BRIEF HISTORY OF BRAZILIAN COMMERCIAL DIPLOMACY
1) From the time preceding its independence, Brazil had suffered the adverse consequences of poorly conducted trade negotiations, which had an adverse effect on both the economic and social development conditions. In fact, the Navigation and Commerce Treaty of 1810, signed between Portugal and England was an extortionate price to pay for protection of the Portuguese Court by the English fleet, and represented an unbridgeable obstacle to industrial development both in Brazil and in Portugal. Following negotiations working towards Portugal´s recognition of Brazil´s independence, at which England acted as intermediary, Brazil signed with England the infamous Treaty of Friendship, Navigation and Commerce of 1827. This was the price demanded by England for its unnecessary good faith offerings, since the war for the Independence of Brazil had already been decided by force of arms.
2) According to the Treaty of Friendship, Navigation and Commerce, effective for 15 years, Brazilian customs duties were to be imposed at 15%, a low rate even today, providing no protection to new-born industry. Moreover, the treaty stated that no other country could enjoy lower rates. [1] Meanwhile, in the English market, no consideration was given to Brazilian products, such as coffee and sugar, a position England reserved for its colonies. In the Brazilian territory, the English could enjoy innumerable privileges such as their own courts of law [2], with military contingents to execute their decisions, even against the Brazilian State. Further, Brazil had yet to assume the foreign debt owed by Portugal to England, which rendered difficult the administration of the new state´s public accounts. This agreement represented the first formal failure in Brazilian trade diplomacy. [3] Its impact was such, as to give rise to a period of serious political instability in Brazil, resulting in the downfall of D. Pedro I in 1831.
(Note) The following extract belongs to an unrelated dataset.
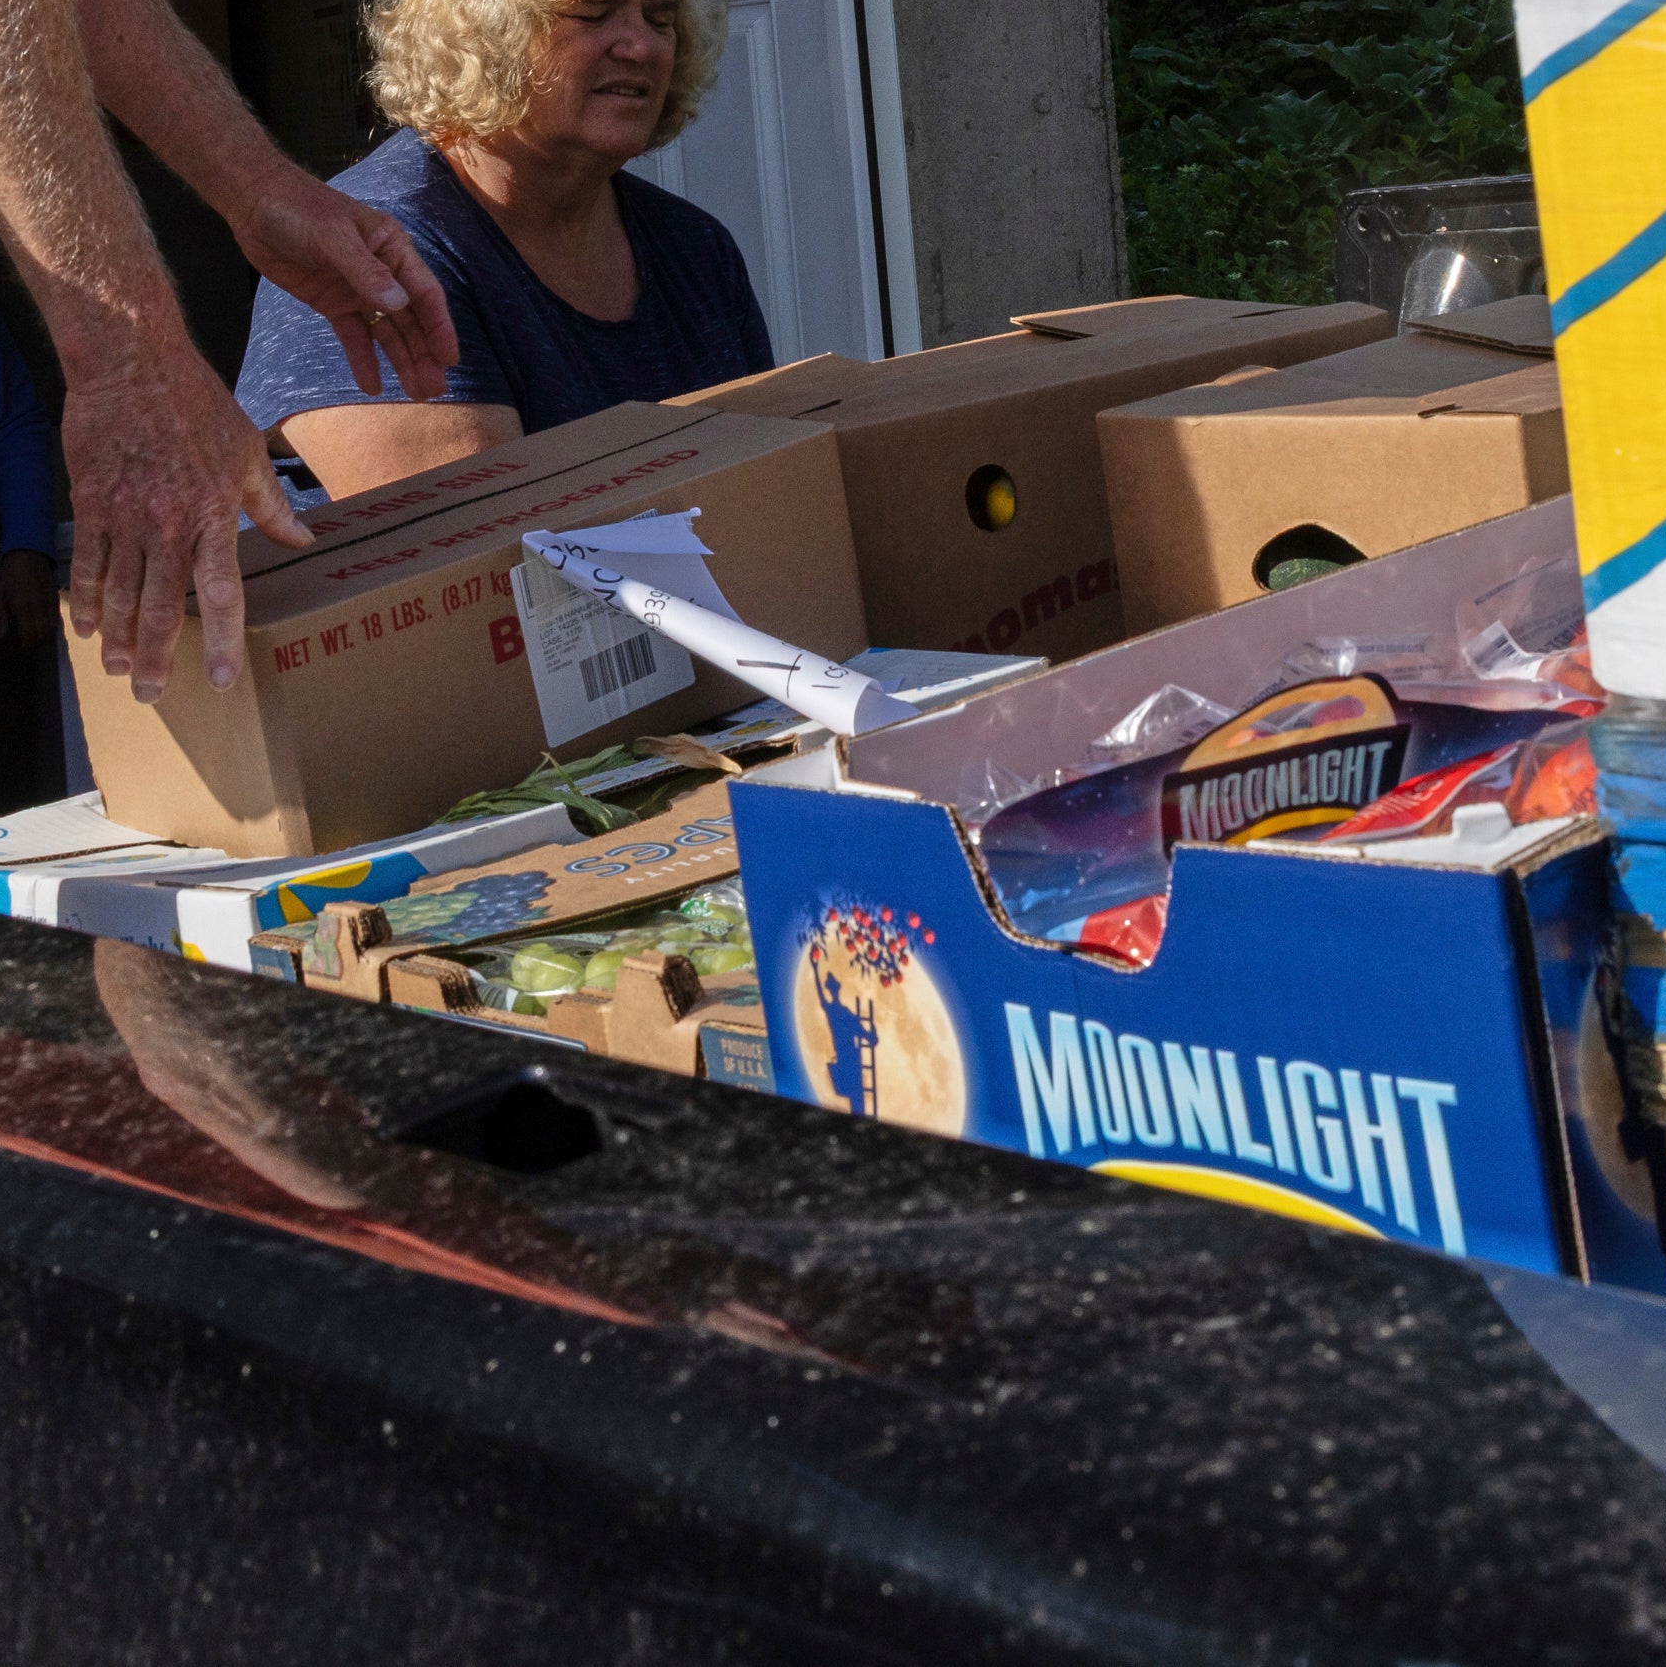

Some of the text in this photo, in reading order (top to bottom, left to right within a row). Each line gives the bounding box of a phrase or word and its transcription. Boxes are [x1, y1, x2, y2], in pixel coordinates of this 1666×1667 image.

3) The English, in reality, conditioned Brazil to their economic imperialistic concepts formulated at the Vienna Convention of 1815, where free trade was determined the right of its subjects at the expense of other peoples and nations. Such a concept has surprisingly survived to this day and is adopted unqualifiedly by other countries with imperialistic regimes who also claim to be advocates of “free trade” in clear acknowledgement of the propagandist creativity of the English. [4] In keeping with such thinking, the English diplomats [5] at that time consulted private enterprise and systematically analysed national commercial interests, something which, in an incipient manner, Brazil started only recently.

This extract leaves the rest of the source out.